» **Instructions for the task**: In your copy, include no images and return each entry exactly as written.

━━━━━ Information supplied ━━━━━

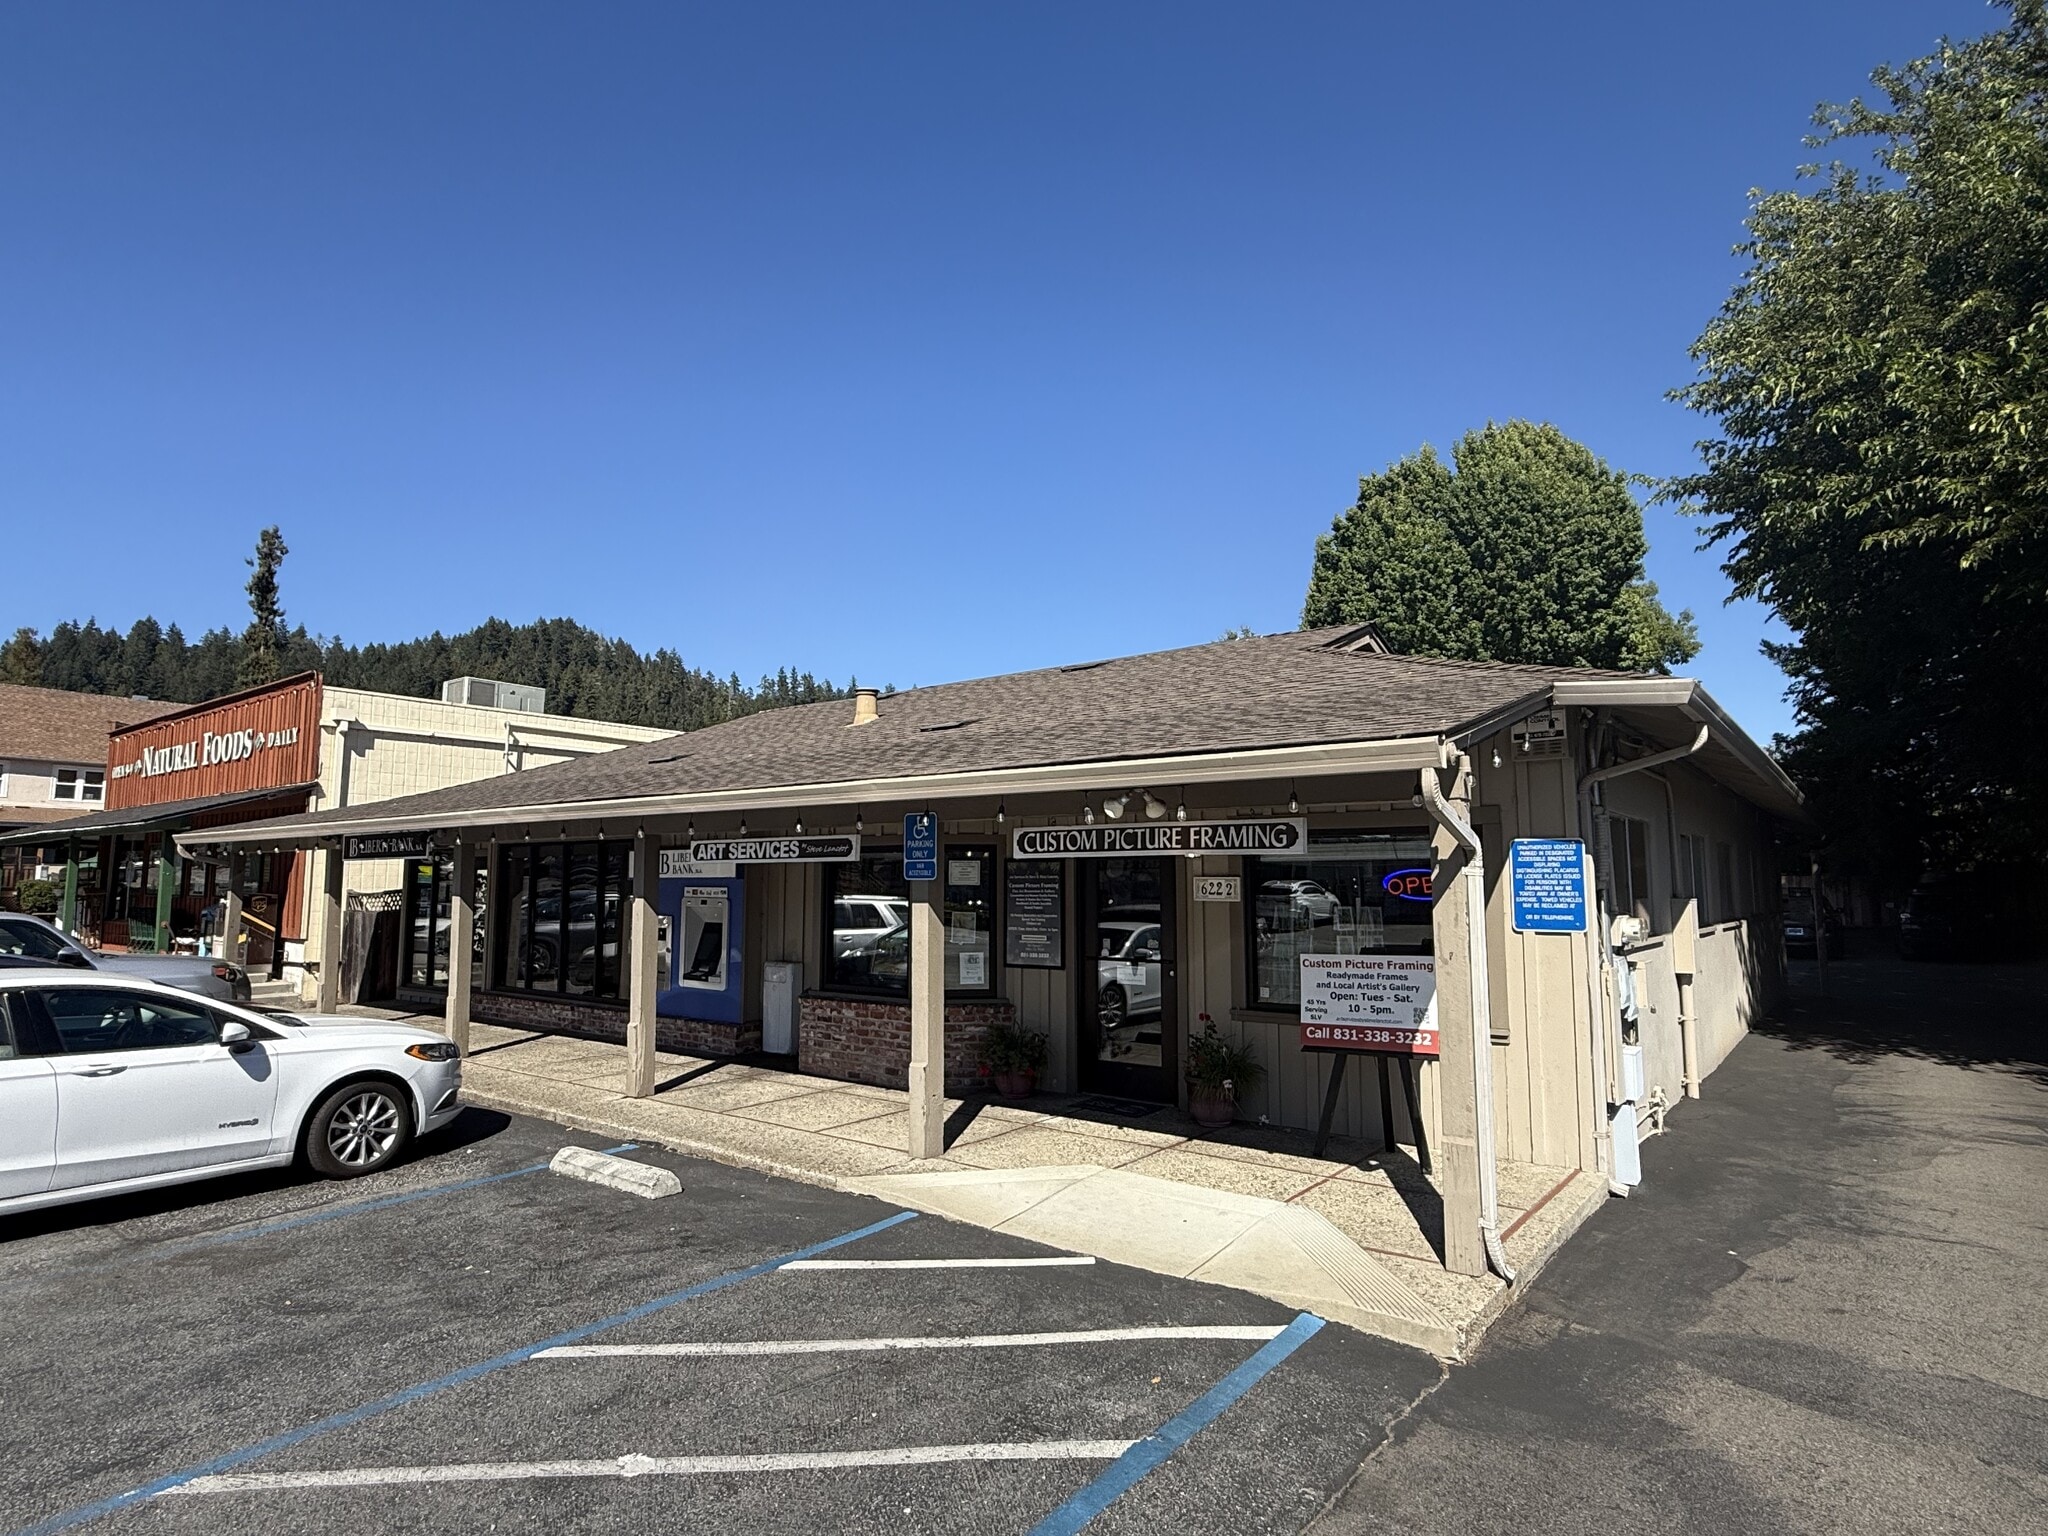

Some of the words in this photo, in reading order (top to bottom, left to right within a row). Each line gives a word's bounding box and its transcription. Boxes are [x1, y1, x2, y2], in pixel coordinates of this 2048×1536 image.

[141, 741, 199, 778] NATURAL
[201, 729, 254, 766] FOODS
[267, 727, 299, 747] DAILY
[907, 840, 934, 848] PARKING
[1024, 830, 1097, 852] CUSTOM
[1103, 827, 1182, 850] PICTURE
[1189, 824, 1287, 848] FRAMING
[697, 843, 726, 860] ART
[728, 840, 800, 859] SERVICES
[912, 850, 928, 858] ONLY
[672, 853, 691, 863] LIBE
[672, 864, 694, 875] BANK
[1201, 881, 1233, 896] 6222
[1388, 877, 1432, 894] OPE
[1302, 959, 1342, 969] Custom
[1345, 960, 1384, 970] Picture
[1387, 960, 1434, 972] Framing
[1326, 972, 1375, 980] Readymade
[1377, 973, 1409, 981] Frames
[1316, 981, 1331, 989] and
[1333, 982, 1355, 990] Local
[1357, 983, 1387, 991] Artist's
[1389, 984, 1420, 993] Gallery
[1330, 992, 1358, 1002] Open:
[1361, 993, 1384, 1002] Tues
[1394, 994, 1414, 1003] Sat.
[1304, 1006, 1328, 1014] Serving
[1348, 1004, 1360, 1013] 10
[1370, 1005, 1395, 1016] 5pm.
[1306, 1027, 1330, 1039] Call
[1333, 1028, 1432, 1045] 831-338-3232

━━━━━

» **Written solution**:
Some of the words in this photo, in reading order (top to bottom, left to right within a row). Each line gives a word's bounding box and its transcription. Boxes are [x1, y1, x2, y2], in pixel coordinates of this 2048×1536 image.

[141, 741, 199, 778] NATURAL
[201, 729, 254, 766] FOODS
[267, 727, 299, 747] DAILY
[907, 840, 934, 848] PARKING
[1024, 830, 1097, 852] CUSTOM
[1103, 827, 1182, 850] PICTURE
[1189, 824, 1287, 848] FRAMING
[697, 843, 726, 860] ART
[728, 840, 800, 859] SERVICES
[912, 850, 928, 858] ONLY
[672, 853, 691, 863] LIBE
[672, 864, 694, 875] BANK
[1201, 881, 1233, 896] 6222
[1388, 877, 1432, 894] OPE
[1302, 959, 1342, 969] Custom
[1345, 960, 1384, 970] Picture
[1387, 960, 1434, 972] Framing
[1326, 972, 1375, 980] Readymade
[1377, 973, 1409, 981] Frames
[1316, 981, 1331, 989] and
[1333, 982, 1355, 990] Local
[1357, 983, 1387, 991] Artist's
[1389, 984, 1420, 993] Gallery
[1330, 992, 1358, 1002] Open:
[1361, 993, 1384, 1002] Tues
[1394, 994, 1414, 1003] Sat.
[1304, 1006, 1328, 1014] Serving
[1348, 1004, 1360, 1013] 10
[1370, 1005, 1395, 1016] 5pm.
[1306, 1027, 1330, 1039] Call
[1333, 1028, 1432, 1045] 831-338-3232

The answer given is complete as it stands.